What Makes People Happy?
Daniel Kahnerman | 9:48
Transcript
The current trend among happiness researchers is an emphasis on meaning. And, and, and a sense of purpose. That's, you know, just wasn't the case 10 or 15 years ago, there is a great deal of debate as to the value of life satisfaction. And whether this is what we're trying to maximize. I have, in the past, proposed that we should put a lot of emphasis on what people experience in their daily life, which is a completely different thing from life satisfaction.
But if, you know, I think about what's been going on today, and one thing that hasn't been mentioned, and that has to do with well being, if there is a huge asymmetry between people's responses to gains and to losses, and there is a huge asymmetry between winners and losers, and losers suffer more than winners and joy. And so in in this whole issue, we have to think about losers. And losers fight harder than winners or potential winners. And that is where reforms in general fail or very frequently fail, is because the potential losers fight much harder than the potential winners.

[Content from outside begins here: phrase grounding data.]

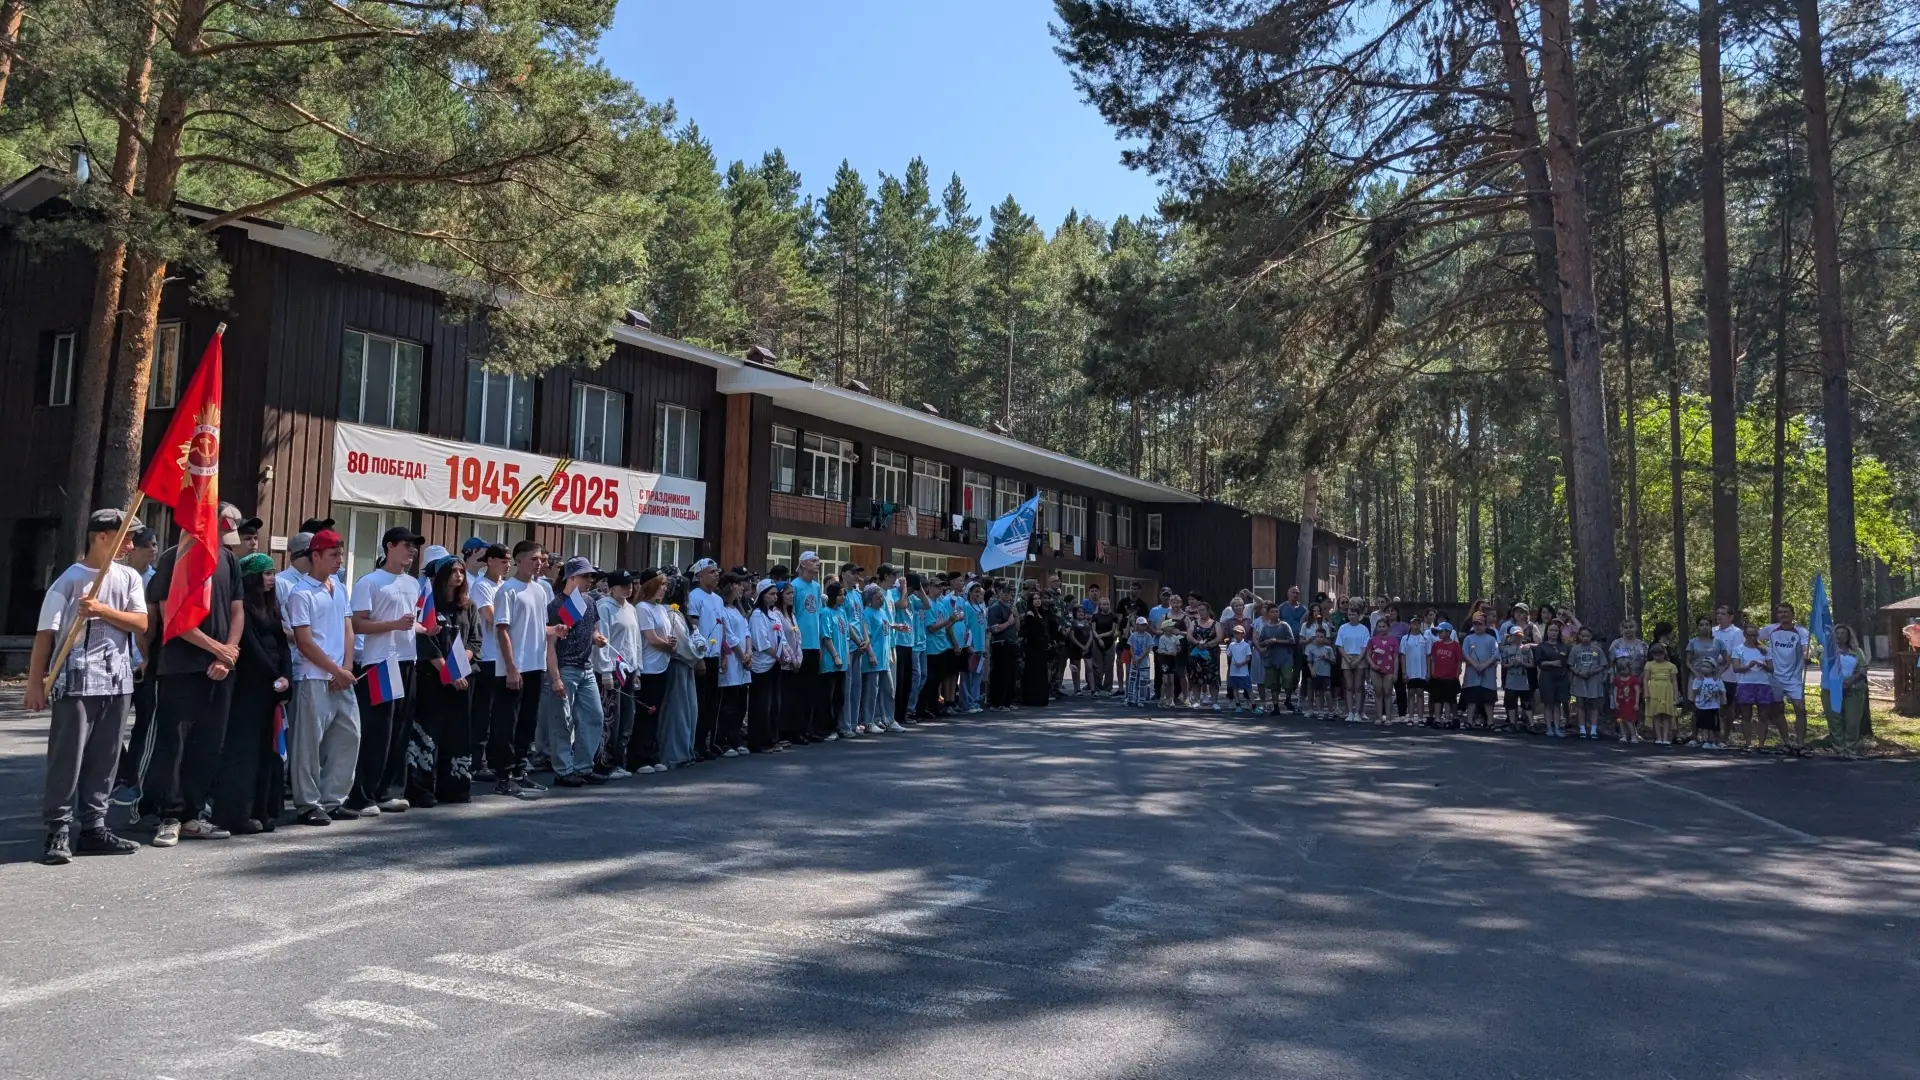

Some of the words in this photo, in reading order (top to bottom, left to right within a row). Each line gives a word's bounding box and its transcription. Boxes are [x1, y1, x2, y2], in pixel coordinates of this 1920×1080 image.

[347, 451, 369, 474] 80
[371, 457, 427, 480] ПОБЕДА!
[446, 455, 520, 506] 1945
[552, 471, 619, 519] 2025
[639, 489, 645, 500] С
[646, 490, 691, 506] ПРАЗДНИКОМ
[638, 503, 670, 518] ВЕЛИКОЙ
[671, 507, 700, 521] ПОБЕДЫ!
[1774, 640, 1794, 649] bwin

And I would think that at least in the short run, when we're trying to understand what is going on, that thinking dynamically about losers and winners in the current change, and what are the losers going to do, and the trays that people will rise before machine do before machines do? That, I think is something that we should really focus on. The issue of what we're trying to maximize is interesting. But that leads me to another question. I'm impressed that there's a lot of optimism here, tempered in, as we saw in the last session, but but we've been complaining about what everybody has been complaining about that this is not a decent society, and so on. And I certainly concur. We can't be optimistic.